What is the equation of the line, if
(i) the slope and the $y$-intercept are $\dfrac{-3}{2}$ and $5$ respectively?
(ii) $x$-intercept and $y$-intercept are $2$ and $-6$ respectively?

Solution

(i) We can directly apply this in $y = mx + c$ where $m$ and $c$ are the slope and y-intercept respectively.

$y = \dfrac{-3}{2} x + 5$

⇒ $3x + 2y = 10$

(ii) Applying the $y$-intercept, we get $y = mx$ - 6 ----- (1)

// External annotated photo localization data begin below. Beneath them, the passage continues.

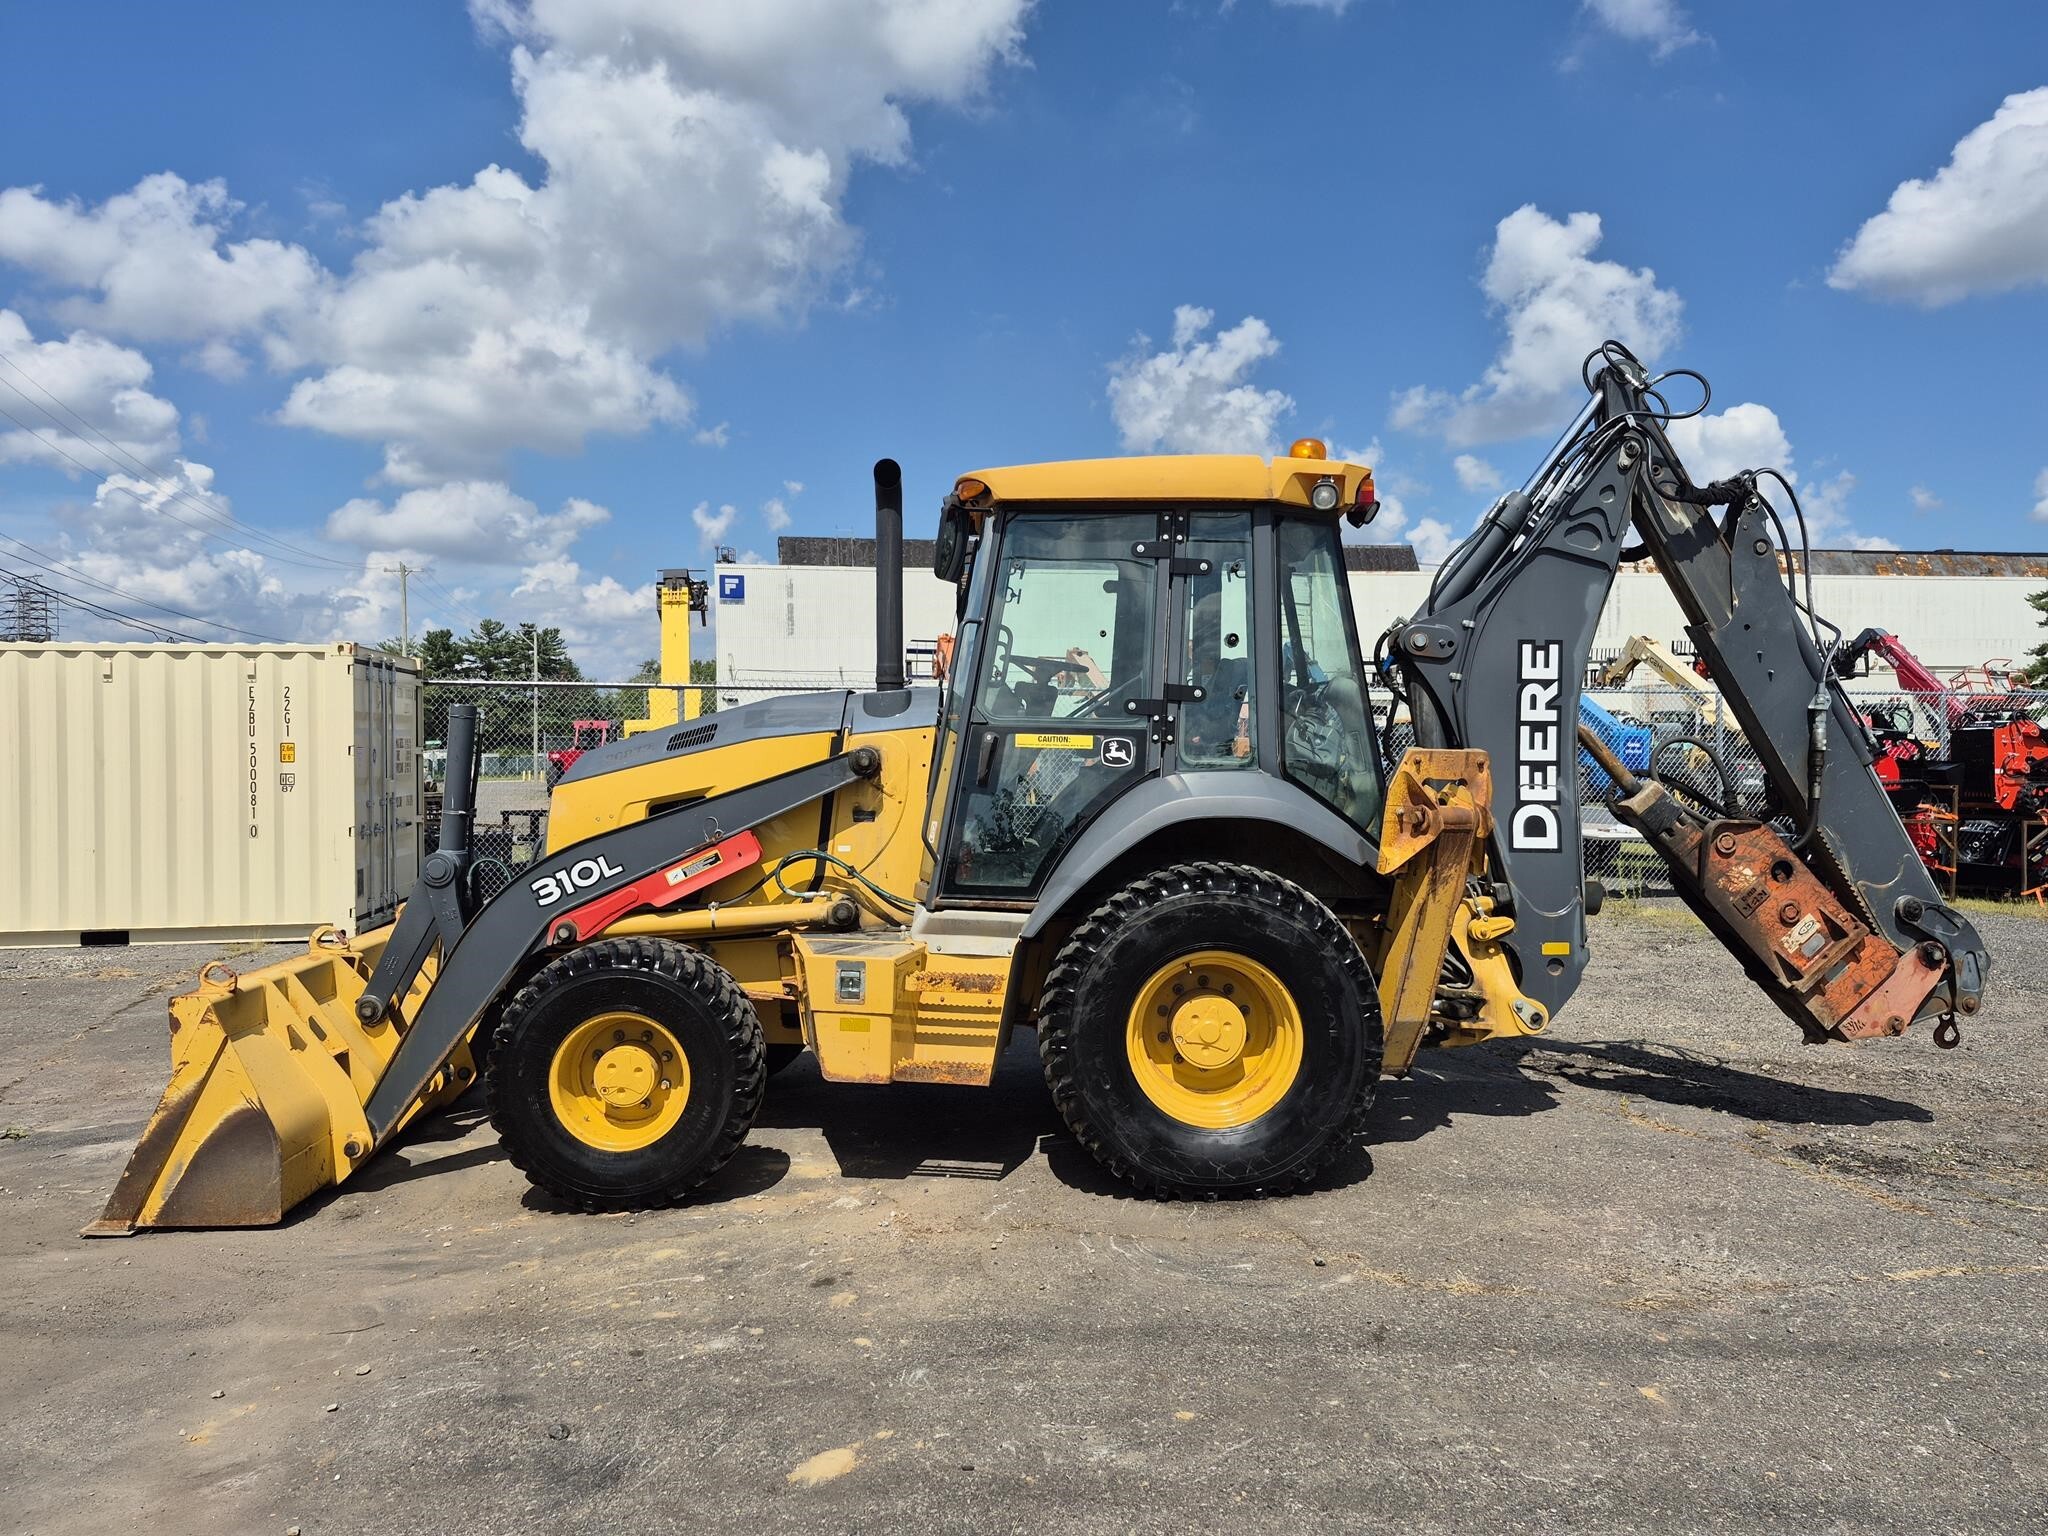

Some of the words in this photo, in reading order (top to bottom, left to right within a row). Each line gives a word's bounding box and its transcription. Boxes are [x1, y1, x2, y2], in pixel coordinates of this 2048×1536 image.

[724, 577, 739, 595] F
[248, 686, 256, 737] EZBU
[283, 686, 291, 737] 22G1
[1037, 735, 1072, 744] CAUTION:
[1512, 643, 1560, 849] DEERE
[249, 742, 257, 819] 500081
[250, 824, 258, 838] 0
[530, 855, 625, 907] 310L

An $x$-intercept of $2$ means the line cuts the $x$-axis at $x = 2$, i.e., when $y = 0$. Substituting $x = 2$ and $y = 0$, we get
$0 = 2m - 6 ⇒ m = 3$

Substituting $m = 3$ in (1), we get $y = 3x - 6$
⇒ $3x - y = 6$

Answer: (i) $3x + 2y = 10$; (ii) $3x - y = 6$

What is the equation of the line passing through the point ($4, -5$) with the slope $\dfrac{3}{2}$?

Solution

Working with the slope-intercept form of the equations

$y = mx + c ⇒ y = \dfrac{3}{2} x + c$----- (1)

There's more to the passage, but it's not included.